Présidente du club « Révolte-toi Nanterre », c’est aux côtés de 3 autres personnes faisant partie de son équipe qu’elle remporte le Graal de la plus grande compétition de débat universitaire en France, organisée par la Fédération Francophone de Débat.

Cette native de Casablanca vit à Paris depuis plus de deux ans où elle poursuit des études de droit : « Je vis actuellement à Paris dans le cadre de mes études. J’ai commencé des études de droit il y a deux ans et j’entame ma 3ème année à l’université de Paris X (Nanterre) ». En plus d’être une fierté pour le Maroc, Lamya Ben Malek n’hésite pas à mettre en avant ses origines : « Je suis originaire de Casablanca et plus que cela, je suis Casablancaise même quand je n’y suis pas ! ».

 

Une compétition particulière

Il y a deux ans, fraîchement admise à l’université, elle rencontre les orateurs de la Fédération Francophone de Débat qui œuvre pour la promotion de l’art oratoire à l’international en plus d’être le plus grand réseau de clubs de débat francophone au monde.
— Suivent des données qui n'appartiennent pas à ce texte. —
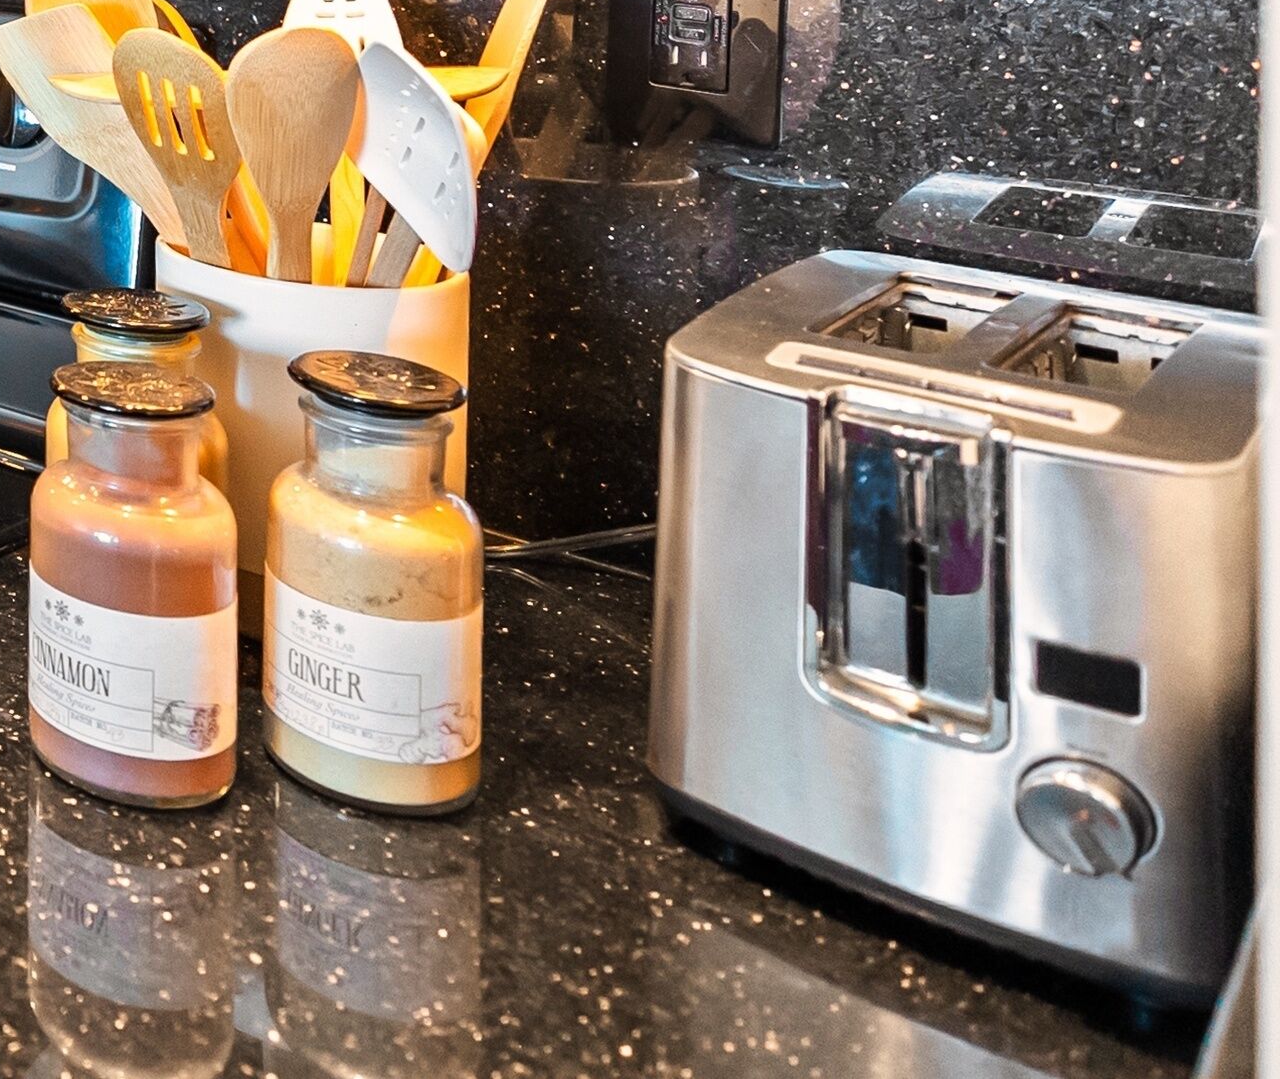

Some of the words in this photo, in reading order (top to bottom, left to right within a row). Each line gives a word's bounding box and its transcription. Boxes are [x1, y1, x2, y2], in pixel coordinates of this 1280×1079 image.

[32, 631, 111, 697] CINNAMON
[74, 630, 93, 646] LAB
[288, 647, 366, 704] GINGER
Une aubaine pour cette jeune femme.

Son cheval de bataille : pouvoir intégrer ce club afin de défendre ses opinions et surtout porter sa voix face à un grand public ! C’est ainsi qu’elle a pu grimper les échelons au fur et à mesure. Un chemin qui a abouti à ce sacre. D’autant plus que de cette manière Lamya est devenue la première Marocaine championne de France de débat.

Lors de la finale, son club était opposé à celui de Polytechnique. Elle a défendu ses idées devant un jury composé entre autres d’Inès Bordet, championne du monde de débat, d’Olivier Gracia (chroniqueur et écrivain) ainsi que l’avocat de Jacques Chirac, Me Szpiner, et d’autres professionnels de l’art oratoire.
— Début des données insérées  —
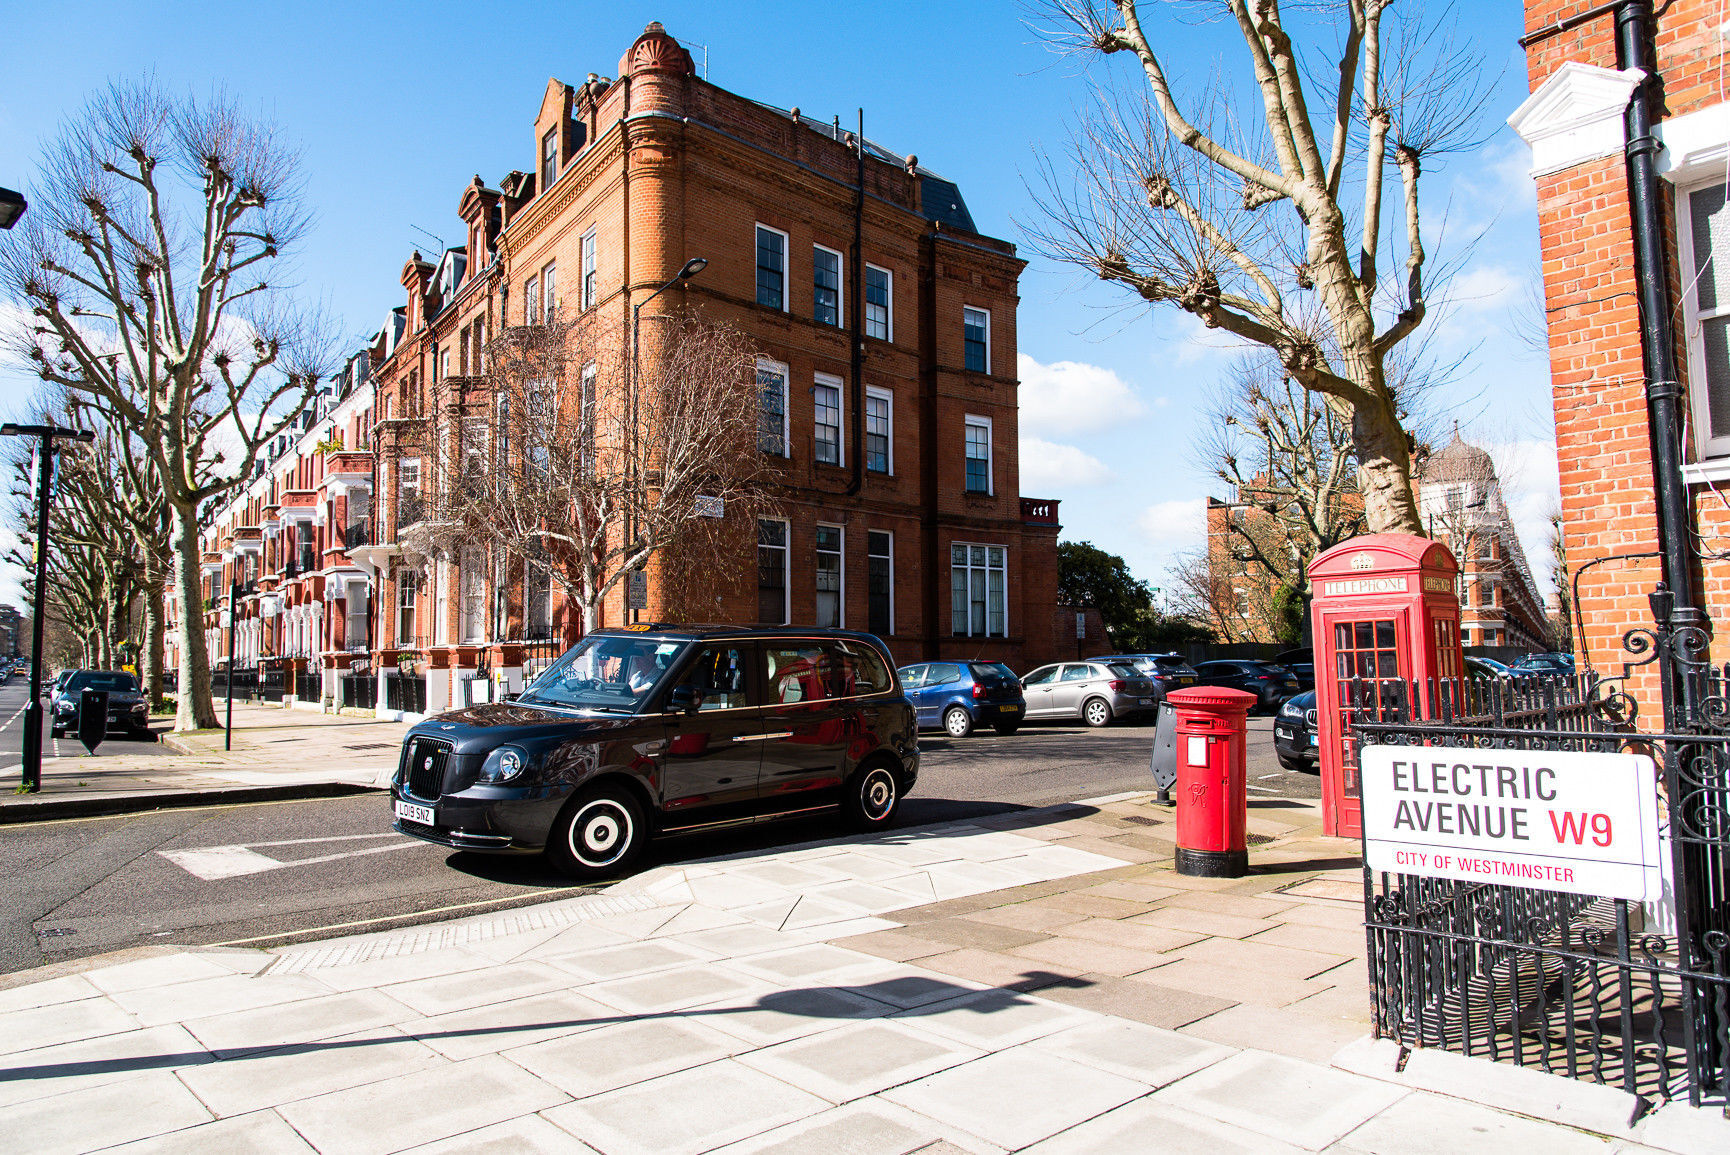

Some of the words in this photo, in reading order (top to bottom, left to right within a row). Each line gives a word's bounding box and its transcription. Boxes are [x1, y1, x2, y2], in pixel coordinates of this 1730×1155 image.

[1328, 578, 1405, 594] TELEPHONE
[1392, 761, 1557, 801] ELECTRIC
[400, 803, 414, 817] LO19
[416, 807, 429, 821] SNZ
[1393, 800, 1529, 840] AVENUE
[1548, 810, 1613, 847] W9
[1396, 851, 1427, 867] CITY
[1434, 855, 1452, 869] OF
[1458, 857, 1574, 883] WESTMINSTER
«C’est une compétition de débat qui consiste à faire gagner son université en équipe», explique Lamya. Et l’étudiante d’ajouter : "Le débat portait sur le sujet suivant ‘’Il vaut mieux vivre 1 jour comme un lion plutôt que 100 comme un mouton". Chaque équipe se voit attribuer un rôle, en l’espèce nous devions défendre la négation du sujet, c’est-à-dire ‘’Il ne vaut pas mieux vivre 1 jour comme un lion mais 100 comme un mouton’’. »

 

Un premier pas vers ses rêves

Ainsi, chaque équipe est composée de 4 participants et le choix du sujet ne concerne aucunement les candidats. Cependant, il puise ses racines dans la volonté de l’équipe de construire un débat à dimension philosophique et compréhensible. Une année de dur labeur et de travail sans relâche pour pouvoir se préparer au mieux.
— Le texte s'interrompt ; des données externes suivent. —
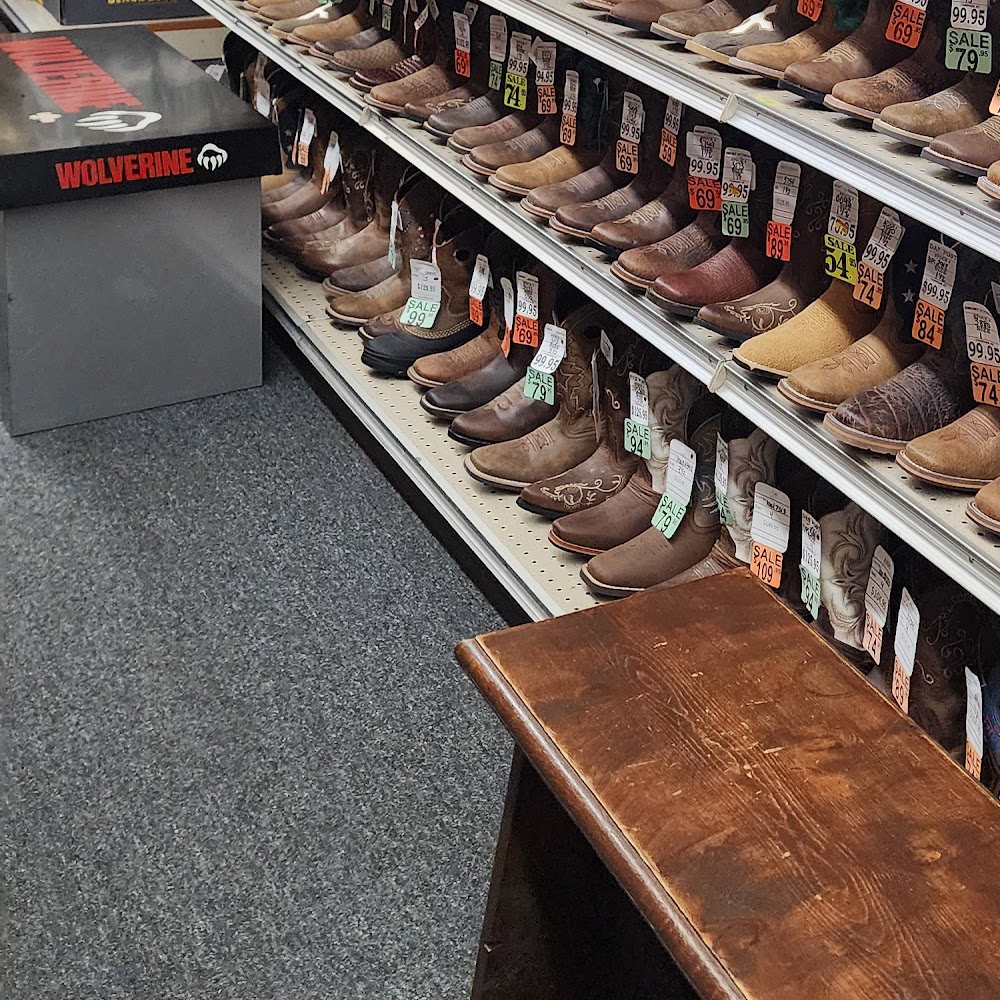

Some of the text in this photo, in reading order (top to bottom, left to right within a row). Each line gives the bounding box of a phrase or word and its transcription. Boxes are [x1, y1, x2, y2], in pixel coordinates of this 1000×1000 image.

« À l’annonce de la victoire de notre équipe, j’ai eu les larmes aux yeux. Je me suis sentie surtout plus que reconnaissante envers les coéquipiers que j’ai eu la chance d’avoir. Ils sont même devenus aujourd’hui des frères et sœurs », se souvient, honorée de ce résultat, la Marocaine.

Lamya, des étoiles plein les yeux et des rêves plein la tête soutient qu’« il n’y a plus beau et efficace que la parole comme moyen d’expression ». D’où le désir d’« inaugurer prochainement la Fédération Marocaine de Débat qui rassemblera tous les clubs de débat du pays. Un moyen de promouvoir l’art oratoire au Maroc comme à l’international. »

Mais avant, la prochaine étape pour l’étudiante est de représenter le Maroc en mai aux championnats du monde : « C’est plus qu’une fierté de représenter le Maroc dans ce genre de compétition, c’est un devoir ! », conclut-elle avec enthousiasme.